Поэт, конечно, знал себе цену, был преисполнен чувством достоинства и не любил, когда на него посягали. Боккаччо отмечает, что в вопросах чести он был очень чувствителен. Это так понятно. Мы склоняемся перед ним, читая очень сокрушенные, но какие в то же время гордые строки («Рай», XXV), в которых он оплакивает уже навек недоступную родину!
А современники видели, нужно думать, в таких стихах высокомерие. Вообще в подчеркивании современниками надменности и высокомерия Данте есть момент, требующий серьезной поправки. Это — момент социальный. Данте ведь не был ни бароном, ни рыцарем. Он был сначала пополаном, а потом изгоем, человеком, выброшенным из общественной группировки, поэтом-бродягой, философом на чужих хлебах. Когда бароны и рыцари обнаруживали такие качества, которые с укором отмечались у Данте, — это было нормально. А когда они объявлялись у пополана-изгоя, хотя бы и философа, — это удивляло. Феодальный быт еще не умер. Феодальные представления были в силе.
Но мы должны пропустить их через социологический фильтр.

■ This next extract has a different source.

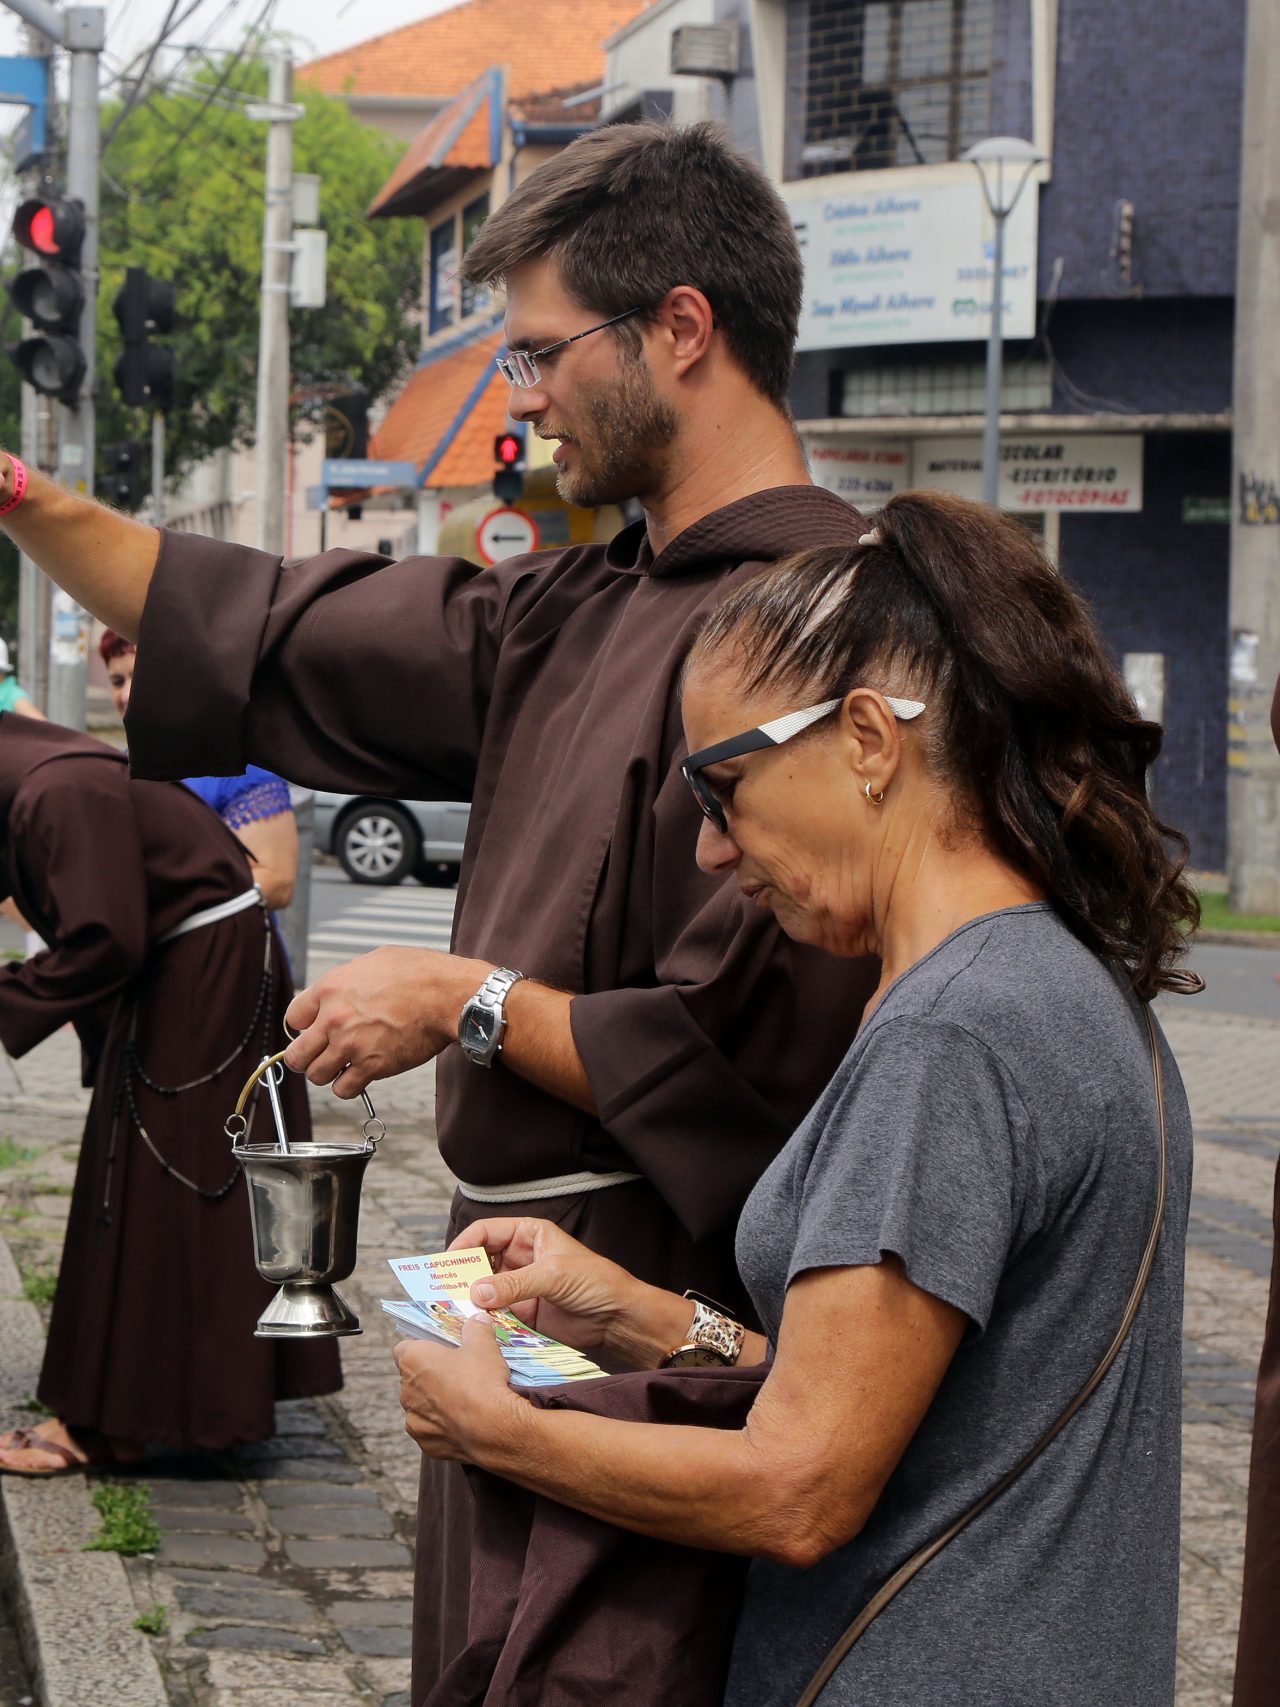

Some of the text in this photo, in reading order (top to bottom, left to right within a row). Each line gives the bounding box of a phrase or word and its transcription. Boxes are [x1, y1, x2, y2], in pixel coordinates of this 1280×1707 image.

[398, 1255, 482, 1271] FREIS CAPUCHINHOS
[430, 1271, 458, 1280] Mercês
[430, 1281, 470, 1291] Curitiba-PR

Гвидо да Полента, синьор Равенны, был племянником Франчески да Римини, которой Данте воздвиг такой памятник в V песне «Ада». Он правил городом с 1316 года и довольно хорошо справлялся с трудным своим постом. Маленький город, славный своими византийскими базиликами и мавзолеями, стоял в опасном месте между Венецией и Вероной, в сфере достижения Болоньи и Флоренции, и его правителю нужно было много дипломатического искусства, чтобы крепко держаться единственно возможной политической позиции — нейтралитета. Сам Гвидо был немного поэт, писал баллады, еще не тронутые влияниями «сладостного нового стиля» и в одну из них вставил строку из жалобы Франчески у Данте. Двор у него был скромный и не мог равняться даже отдаленно с двором Кан Гранде.
Но Данте поселился в Равенне тем более охотно, что тут он получил возможность объединить около себя своих детей: сыновей Якопо и Пьетро и дочь Беатриче, которая постриглась в монахини, вероятно, после смерти отца. Сыновья уже были устроены самостоятельно.

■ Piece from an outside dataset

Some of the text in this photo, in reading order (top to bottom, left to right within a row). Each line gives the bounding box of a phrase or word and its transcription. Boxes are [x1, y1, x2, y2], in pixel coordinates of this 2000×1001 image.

За это Данте был чрезвычайно признателен Гвидо и его супруге, а Гвидо льстило, что его двор украшен пребыванием в нем поэта, имя которого было славно во всей Италии: «Ад» и «Чистилище» были уже известны.
Ему не пришлось долго дожидаться в Равенне доказательств того, как популярно его имя. Однажды он получил латинское, написанное гекзаметрами, письмо из Болоньи, от преподавателя латинской поэзии и латинских классиков в болонском Студио, Джованни дель Вирджилио. Ученый филолог и страстный поклонник римских поэтов писал, что ему привелось прочесть «Ад» и «Чистилище», где его кумиру Вергилию отведена такая большая и славная роль. Он в восторге, но в то же время он сокрушается, почему Данте, воспевая Вергилия, не пользуется языком, на котором писал Вергилий, а пишет на жалком volgare.
Зачем, говорит он, бросать народу столь высокие мысли, описывая участь душ в царствах вечности? Ведь мы, высохшие в ученых трудах, не прочтем ни строки из того, что ты написал. Народ никогда не поймет, что такое бездны Тартара и небесные тайны, в которые едва надеялся проникнуть Платон. Он будет выкрикивать на улицах твои стихи, не понимая их. Не мечи поэтому бисера перед свиньями, не одевай в недостойные одежды кастальских девственниц, а воспевай героические сюжеты на любую тему: экспедицию Генриха, тосканскую войну Угуччоне, войну Кан Гранде против Падуи. Недостатка в них нет.
По целому ряду данных, письмо писано либо поздней зимой 1319, либо ранней весной 1320 года. Оно задело Данте глазным образом потому, что в нем был намек, что если поэт перейдет на латинский язык, то его может ожидать коронование поэтическим венцом, как незадолго перед тем был коронован в Падуе поэт и историк Альбертино Муссато. И ему захотелось ответить: и чтобы показать, что он может писать латинские стихи, и чтобы объяснить свой образ действия. Он сложил эклогу, тоже по примеру Вергилия, обещая в ней же, что их будет, как в «Буколиках», десять. И под прозрачными аллегориями сказал, что боится ученой Болоньи, которая относилась к Генриху VII не так, как он, и что вообще предпочитал бы быть увенчанным родным городом.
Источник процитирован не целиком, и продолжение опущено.